Exercise details:
Please retype the entries that follow exactly as they are, leaving the images behind.

Collected data:

++++++++

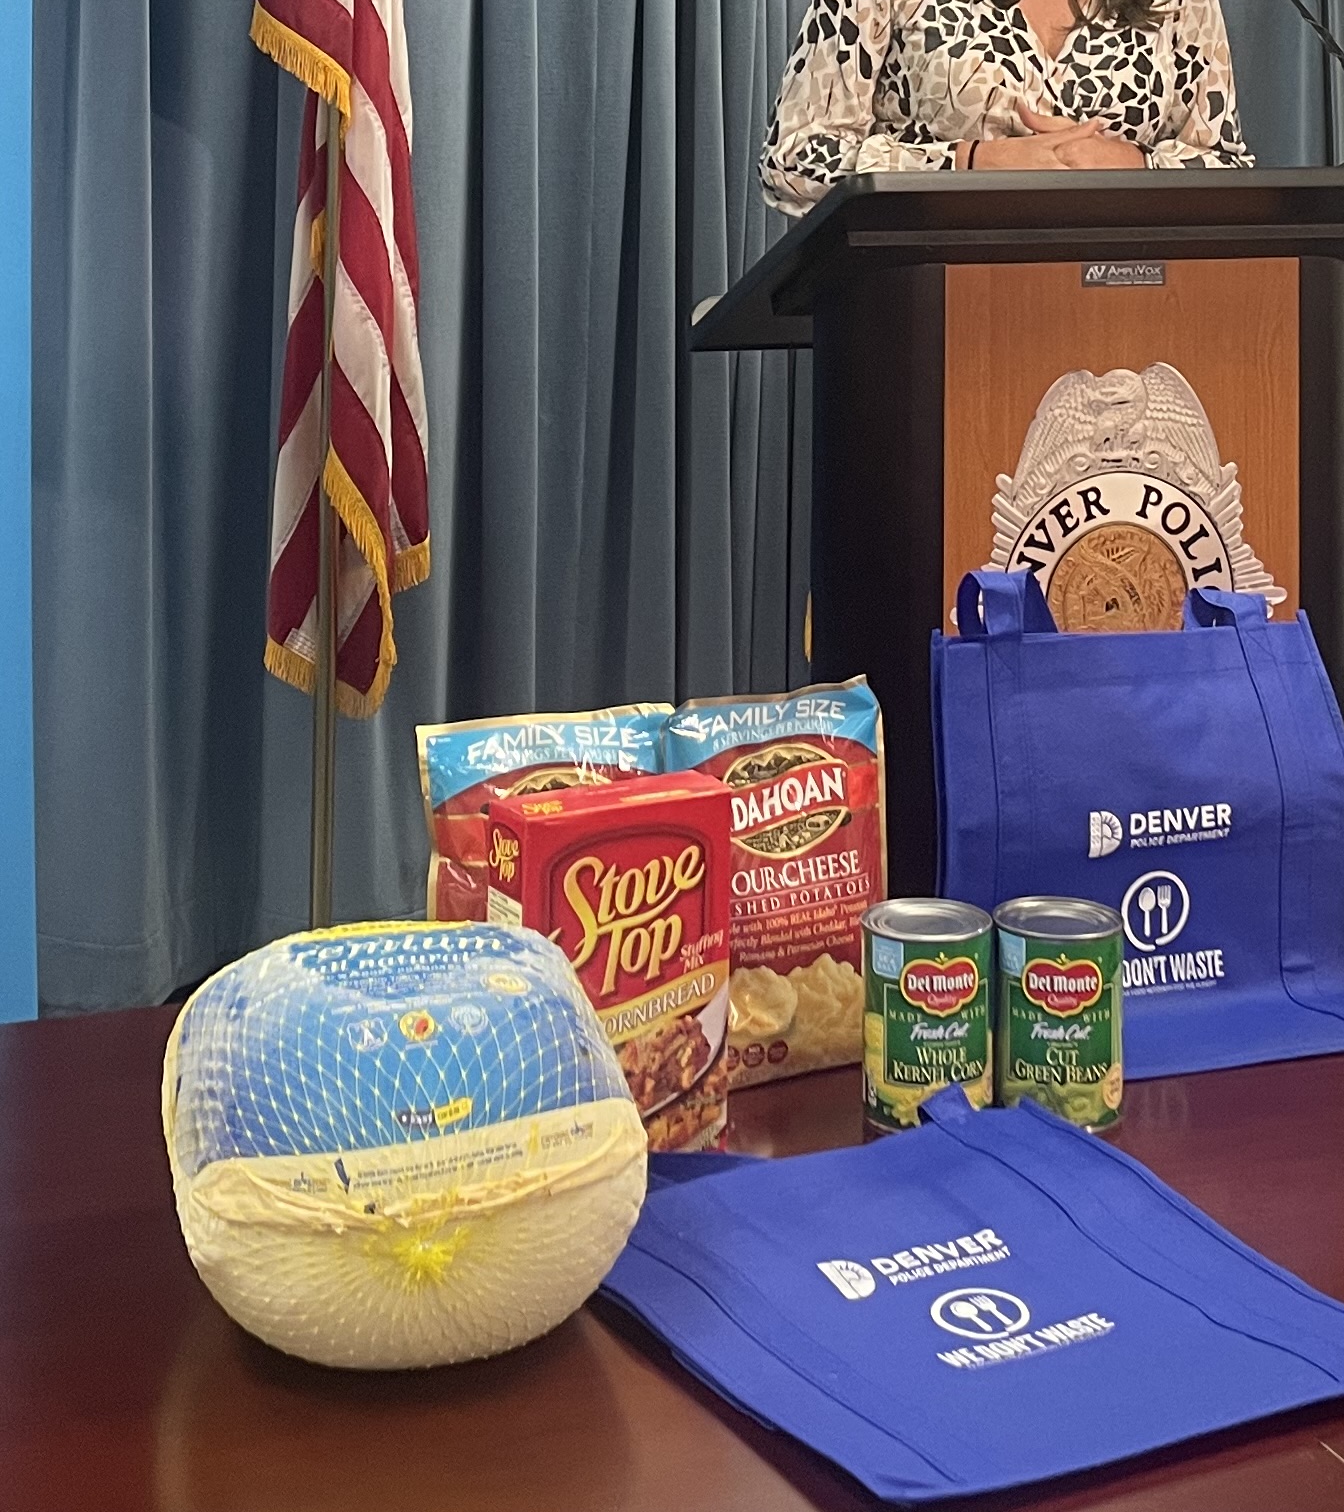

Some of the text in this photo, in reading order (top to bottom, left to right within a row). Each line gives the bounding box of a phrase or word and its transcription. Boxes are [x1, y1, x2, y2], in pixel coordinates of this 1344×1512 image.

[1016, 483, 1224, 590] NVER POLI
[700, 699, 846, 737] FAMILY SIZE
[467, 724, 640, 766] FAMILY SIZE
[731, 767, 844, 832] DAHOAN
[1129, 803, 1233, 836] DENVER
[489, 828, 520, 867] Stove
[496, 856, 516, 883] Top
[731, 850, 860, 897] OUR CHEESE
[560, 845, 705, 969] Stove
[734, 896, 781, 917] SHED
[597, 914, 682, 997] Top
[1169, 949, 1225, 983] WASTE
[906, 972, 974, 993] Del Monte
[1027, 971, 1098, 993] Del Monte
[603, 972, 716, 1035] ORNBREAD
[888, 1010, 923, 1023] MADE
[910, 1022, 945, 1041] Fresh
[892, 1059, 985, 1083] KERNEL CORN
[915, 1046, 968, 1066] WHOLE
[1015, 1058, 1108, 1084] GREEN BEANS
[1045, 1046, 1080, 1066] CUT
[870, 1228, 1004, 1275] DENVER
[889, 1246, 1011, 1287] POLICE DEPARTMENT
[936, 1347, 983, 1369] WE
[1034, 1312, 1115, 1346] WASTE

++++++++

Exercise solution:
Some of the text in this photo, in reading order (top to bottom, left to right within a row). Each line gives the bounding box of a phrase or word and its transcription. Boxes are [x1, y1, x2, y2], in pixel coordinates of this 1344×1512 image.

[1016, 483, 1224, 590] NVER POLI
[700, 699, 846, 737] FAMILY SIZE
[467, 724, 640, 766] FAMILY SIZE
[731, 767, 844, 832] DAHOAN
[1129, 803, 1233, 836] DENVER
[489, 828, 520, 867] Stove
[496, 856, 516, 883] Top
[731, 850, 860, 897] OUR CHEESE
[560, 845, 705, 969] Stove
[734, 896, 781, 917] SHED
[597, 914, 682, 997] Top
[1169, 949, 1225, 983] WASTE
[906, 972, 974, 993] Del Monte
[1027, 971, 1098, 993] Del Monte
[603, 972, 716, 1035] ORNBREAD
[888, 1010, 923, 1023] MADE
[910, 1022, 945, 1041] Fresh
[892, 1059, 985, 1083] KERNEL CORN
[915, 1046, 968, 1066] WHOLE
[1015, 1058, 1108, 1084] GREEN BEANS
[1045, 1046, 1080, 1066] CUT
[870, 1228, 1004, 1275] DENVER
[889, 1246, 1011, 1287] POLICE DEPARTMENT
[936, 1347, 983, 1369] WE
[1034, 1312, 1115, 1346] WASTE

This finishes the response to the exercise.